* [About this task]:
The response should be the data again, identical in every line.

Extracted data Start Marker

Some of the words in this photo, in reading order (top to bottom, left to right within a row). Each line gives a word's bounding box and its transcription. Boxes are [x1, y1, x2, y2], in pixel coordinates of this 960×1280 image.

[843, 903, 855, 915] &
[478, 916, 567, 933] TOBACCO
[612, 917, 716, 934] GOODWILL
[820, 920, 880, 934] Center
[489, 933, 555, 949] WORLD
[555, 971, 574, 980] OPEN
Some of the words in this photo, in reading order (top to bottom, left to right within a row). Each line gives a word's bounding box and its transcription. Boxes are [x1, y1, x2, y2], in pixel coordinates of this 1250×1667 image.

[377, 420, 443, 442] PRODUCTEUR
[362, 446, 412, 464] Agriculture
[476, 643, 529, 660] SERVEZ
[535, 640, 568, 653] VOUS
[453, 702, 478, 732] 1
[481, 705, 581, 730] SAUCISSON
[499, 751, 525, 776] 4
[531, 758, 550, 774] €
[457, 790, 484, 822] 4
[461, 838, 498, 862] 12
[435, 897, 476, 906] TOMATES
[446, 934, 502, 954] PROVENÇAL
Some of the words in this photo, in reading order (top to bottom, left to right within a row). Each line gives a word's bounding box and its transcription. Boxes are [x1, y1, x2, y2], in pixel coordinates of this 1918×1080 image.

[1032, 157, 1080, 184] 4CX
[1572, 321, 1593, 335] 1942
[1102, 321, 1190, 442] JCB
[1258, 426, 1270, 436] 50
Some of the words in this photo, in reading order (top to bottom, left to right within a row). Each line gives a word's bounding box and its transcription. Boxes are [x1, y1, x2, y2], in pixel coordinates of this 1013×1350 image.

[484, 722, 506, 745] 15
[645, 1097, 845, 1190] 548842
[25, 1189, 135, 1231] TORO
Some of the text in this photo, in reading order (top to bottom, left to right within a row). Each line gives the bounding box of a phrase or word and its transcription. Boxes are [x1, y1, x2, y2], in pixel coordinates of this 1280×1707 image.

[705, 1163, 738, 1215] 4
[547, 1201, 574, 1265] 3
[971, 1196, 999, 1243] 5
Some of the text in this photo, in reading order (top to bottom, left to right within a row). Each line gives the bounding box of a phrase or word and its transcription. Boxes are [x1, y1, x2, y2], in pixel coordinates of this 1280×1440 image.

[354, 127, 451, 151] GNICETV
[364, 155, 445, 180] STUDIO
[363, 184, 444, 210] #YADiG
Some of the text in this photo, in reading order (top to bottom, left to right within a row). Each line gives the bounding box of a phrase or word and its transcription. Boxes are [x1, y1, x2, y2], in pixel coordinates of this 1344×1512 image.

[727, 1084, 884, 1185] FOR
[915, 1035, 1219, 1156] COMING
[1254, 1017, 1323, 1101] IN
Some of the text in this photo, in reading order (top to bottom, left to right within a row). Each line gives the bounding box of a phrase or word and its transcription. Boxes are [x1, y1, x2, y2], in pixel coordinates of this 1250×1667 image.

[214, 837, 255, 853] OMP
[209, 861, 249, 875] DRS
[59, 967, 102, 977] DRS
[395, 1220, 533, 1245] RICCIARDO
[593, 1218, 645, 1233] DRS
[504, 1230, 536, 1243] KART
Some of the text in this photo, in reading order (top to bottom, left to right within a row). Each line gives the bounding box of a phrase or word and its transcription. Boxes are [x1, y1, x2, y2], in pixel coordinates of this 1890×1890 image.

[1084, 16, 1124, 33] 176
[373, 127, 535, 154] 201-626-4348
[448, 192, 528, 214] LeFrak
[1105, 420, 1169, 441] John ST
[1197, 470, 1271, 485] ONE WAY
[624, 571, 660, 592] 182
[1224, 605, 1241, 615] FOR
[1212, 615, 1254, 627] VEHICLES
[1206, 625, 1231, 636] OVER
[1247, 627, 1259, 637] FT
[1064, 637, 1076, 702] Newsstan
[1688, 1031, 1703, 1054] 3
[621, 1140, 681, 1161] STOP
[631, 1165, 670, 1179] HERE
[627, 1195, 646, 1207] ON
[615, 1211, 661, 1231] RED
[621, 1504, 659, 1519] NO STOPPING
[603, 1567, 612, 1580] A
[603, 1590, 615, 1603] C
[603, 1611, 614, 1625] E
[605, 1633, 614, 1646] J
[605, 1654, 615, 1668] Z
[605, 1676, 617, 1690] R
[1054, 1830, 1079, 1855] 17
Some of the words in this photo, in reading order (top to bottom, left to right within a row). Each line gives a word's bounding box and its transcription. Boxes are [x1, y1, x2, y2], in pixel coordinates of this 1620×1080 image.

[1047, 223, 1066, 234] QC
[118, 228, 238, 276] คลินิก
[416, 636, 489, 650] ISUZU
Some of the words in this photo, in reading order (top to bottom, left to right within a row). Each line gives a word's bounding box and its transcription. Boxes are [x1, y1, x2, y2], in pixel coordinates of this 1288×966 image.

Extracted data End Marker

* [Answer to the exercise]:
Some of the words in this photo, in reading order (top to bottom, left to right within a row). Each line gives a word's bounding box and its transcription. Boxes are [x1, y1, x2, y2], in pixel coordinates of this 960×1280 image.

[843, 903, 855, 915] &
[478, 916, 567, 933] TOBACCO
[612, 917, 716, 934] GOODWILL
[820, 920, 880, 934] Center
[489, 933, 555, 949] WORLD
[555, 971, 574, 980] OPEN
Some of the words in this photo, in reading order (top to bottom, left to right within a row). Each line gives a word's bounding box and its transcription. Boxes are [x1, y1, x2, y2], in pixel coordinates of this 1250×1667 image.

[377, 420, 443, 442] PRODUCTEUR
[362, 446, 412, 464] Agriculture
[476, 643, 529, 660] SERVEZ
[535, 640, 568, 653] VOUS
[453, 702, 478, 732] 1
[481, 705, 581, 730] SAUCISSON
[499, 751, 525, 776] 4
[531, 758, 550, 774] €
[457, 790, 484, 822] 4
[461, 838, 498, 862] 12
[435, 897, 476, 906] TOMATES
[446, 934, 502, 954] PROVENÇAL
Some of the words in this photo, in reading order (top to bottom, left to right within a row). Each line gives a word's bounding box and its transcription. Boxes are [x1, y1, x2, y2], in pixel coordinates of this 1918×1080 image.

[1032, 157, 1080, 184] 4CX
[1572, 321, 1593, 335] 1942
[1102, 321, 1190, 442] JCB
[1258, 426, 1270, 436] 50
Some of the words in this photo, in reading order (top to bottom, left to right within a row). Each line gives a word's bounding box and its transcription. Boxes are [x1, y1, x2, y2], in pixel coordinates of this 1013×1350 image.

[484, 722, 506, 745] 15
[645, 1097, 845, 1190] 548842
[25, 1189, 135, 1231] TORO
Some of the text in this photo, in reading order (top to bottom, left to right within a row). Each line gives the bounding box of a phrase or word and its transcription. Boxes are [x1, y1, x2, y2], in pixel coordinates of this 1280×1707 image.

[705, 1163, 738, 1215] 4
[547, 1201, 574, 1265] 3
[971, 1196, 999, 1243] 5
Some of the text in this photo, in reading order (top to bottom, left to right within a row). Each line gives the bounding box of a phrase or word and its transcription. Boxes are [x1, y1, x2, y2], in pixel coordinates of this 1280×1440 image.

[354, 127, 451, 151] GNICETV
[364, 155, 445, 180] STUDIO
[363, 184, 444, 210] #YADiG
Some of the text in this photo, in reading order (top to bottom, left to right within a row). Each line gives the bounding box of a phrase or word and its transcription. Boxes are [x1, y1, x2, y2], in pixel coordinates of this 1344×1512 image.

[727, 1084, 884, 1185] FOR
[915, 1035, 1219, 1156] COMING
[1254, 1017, 1323, 1101] IN
Some of the text in this photo, in reading order (top to bottom, left to right within a row). Each line gives the bounding box of a phrase or word and its transcription. Boxes are [x1, y1, x2, y2], in pixel coordinates of this 1250×1667 image.

[214, 837, 255, 853] OMP
[209, 861, 249, 875] DRS
[59, 967, 102, 977] DRS
[395, 1220, 533, 1245] RICCIARDO
[593, 1218, 645, 1233] DRS
[504, 1230, 536, 1243] KART
Some of the text in this photo, in reading order (top to bottom, left to right within a row). Each line gives the bounding box of a phrase or word and its transcription. Boxes are [x1, y1, x2, y2], in pixel coordinates of this 1890×1890 image.

[1084, 16, 1124, 33] 176
[373, 127, 535, 154] 201-626-4348
[448, 192, 528, 214] LeFrak
[1105, 420, 1169, 441] John ST
[1197, 470, 1271, 485] ONE WAY
[624, 571, 660, 592] 182
[1224, 605, 1241, 615] FOR
[1212, 615, 1254, 627] VEHICLES
[1206, 625, 1231, 636] OVER
[1247, 627, 1259, 637] FT
[1064, 637, 1076, 702] Newsstan
[1688, 1031, 1703, 1054] 3
[621, 1140, 681, 1161] STOP
[631, 1165, 670, 1179] HERE
[627, 1195, 646, 1207] ON
[615, 1211, 661, 1231] RED
[621, 1504, 659, 1519] NO STOPPING
[603, 1567, 612, 1580] A
[603, 1590, 615, 1603] C
[603, 1611, 614, 1625] E
[605, 1633, 614, 1646] J
[605, 1654, 615, 1668] Z
[605, 1676, 617, 1690] R
[1054, 1830, 1079, 1855] 17
Some of the words in this photo, in reading order (top to bottom, left to right within a row). Each line gives a word's bounding box and its transcription. Boxes are [x1, y1, x2, y2], in pixel coordinates of this 1620×1080 image.

[1047, 223, 1066, 234] QC
[118, 228, 238, 276] คลินิก
[416, 636, 489, 650] ISUZU
Some of the words in this photo, in reading order (top to bottom, left to right within a row). Each line gives a word's bounding box and its transcription. Boxes are [x1, y1, x2, y2], in pixel coordinates of this 1288×966 image.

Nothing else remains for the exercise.